The only problem with what you said is that Drossin includes Invincibility as one of "his" tracks. According to the 2009 interview
he said he just composed the "Knuckles theme" (S&K Knuckles) and the "Sonic theme" (S&K Title) (as proven by Sega Tunes - Virtual Sonic and ICEKnight's hack of MD Sonic 3D) and, in the 2008 interview
, says that Setsumaru handled the arrangements of the latter theme, including 1-Up (as proven by ICEKnight's hack). So wouldn't Invincibility also be Setsumaru's arrangement?
"I only composed single versions." - Drossin
"The music was composed separately and input for the genesis by someone named Setsu (I think). didn't do any sound efx for Sonic 3." - Drossin
Looking closer, there's one thing that I admit I completely overlooked: Virtual Sonic was recorded in 1993
; it was just released three years later. So all the arrangements (not just Invincibility, 1-Up and All Clear, but also S&K Knuckles and S&K Title) could be Setsumaru's period. At the very least, the fact that those compositions existed before S3's release with the intent to be used in-game (be it S3, S&K, or S3 in the whole sense) should be the reason for Drossin's "Sound Special Thanks" credit in S3. Drossin being a "Music Composer" in S&K and S3&K then should be because those compositions were then implemented/put into place in the game. In actuality, everything he did was originally composed outside the context of the game the music wound up on. No wonder he's so bewildered about this game.
If I ever spoke with Drossin I'd like to know just how much of MD Spinball's music is his. Drossin was the only one from the Institute; Blum and Coburn were from the Multi-Media Studio (different from OUI Multimedia) (credits taken from manual).
Agreed. We've pretty much got all we need/can get from Drossin that made it into the final version, and that's all we should ever really ask of him as Sonic fans. If anything we should continue the chain to Setsumaru. The beta credits from S3&K are an excellent place to start, as the final part (S3 All Clear) was replaced by S&K All Clear (a Setsumaru arrangement), making the former two potentially Setsumaru's as well. Given that, the tracks chosen for the medley could be the versions Setsumaru arranged. Drossin said he did "remixes;" he didn't say they were the "Act 2" versions.
"That would be Setsu doing the remix." - Drossin
Mario Kart 64's voice sample credits are another good example of crediting only what is new. In the Japanese version, Charles Martinet (NoA) (Mario), Tomoko Maruno (NoJ) (Kinopio/Toad), Asako Kozuki (NoJ) (Peach), Julien Bardakoff (NoE) (Luigi), Thomas Spindler (NoE) (Wario), and John Huraton (NoA?) (Menu Voice) are credited, but the voices of Yoshi, DK and Koopa/Bowser are not because they are based/created from pre-existing sound effects (Yoshi - SMW - Koji Kondo) and voice samples (Koopa/Bowser - SM64 - Isaac Marshall). When Mario Party 1 and 2 were released, not additional voices for Toad, Luigi or Wario were necessary, so Maruno, Bardakoff and Splinder were uncredited (Eriko Ibe did Baby Bowser, not Toad).
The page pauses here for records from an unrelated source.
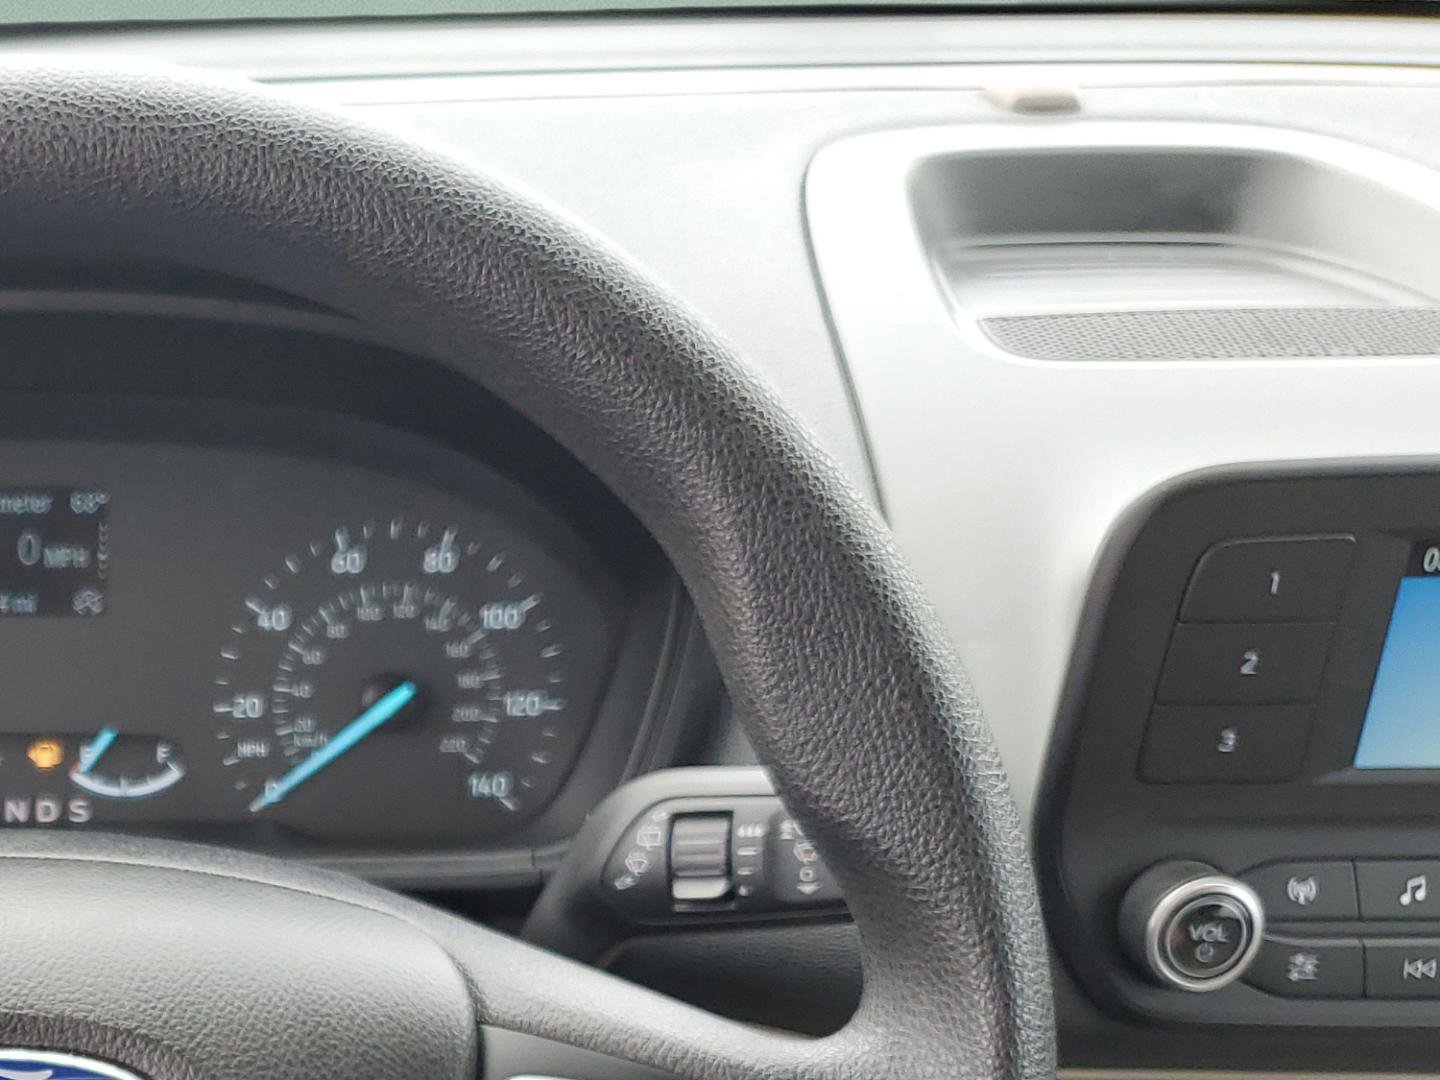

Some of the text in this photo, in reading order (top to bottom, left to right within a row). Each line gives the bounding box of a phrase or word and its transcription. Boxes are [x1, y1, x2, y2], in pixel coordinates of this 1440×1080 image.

[17, 530, 42, 567] 0
[330, 545, 368, 574] 60
[423, 545, 460, 574] 80
[1269, 570, 1280, 595] 1
[257, 603, 292, 631] 40
[479, 602, 525, 630] 100
[1239, 650, 1260, 675] 2
[232, 692, 264, 718] 20
[1217, 727, 1240, 753] 3
[5, 796, 30, 823] N
[35, 796, 60, 823] D
[68, 796, 92, 823] S
[1188, 922, 1229, 944] VOL
As for the US version of Mario Kart 64, Martinet replaced Huraton (as well as Bardakoff and Splindler), Leslie Swan replaced Kozuki and Isaac Marshall, despite having done the voice of Bowser (and most likely DK since both were replaced/overwritten around the same time) is only credited because he replaced Maruno as Toad.
In keeping with the forum topic, Buxer is confirmed to have worked with MJ in creating S3's Staff Roll (the basis of Stranger in Moscow) and worked with C. Cirocco Jones
(Scirocco) on the composition and arrangement of a "Level 2" and "Level 3." Combine this with the fact that Buxer's usual role when involved with MJ was arrangement (ex. HIStory album) and it can be assumed that Buxer was the one who did the majority of the production work (MJ was more-or-less a coordinator). He is listed first on the list after all.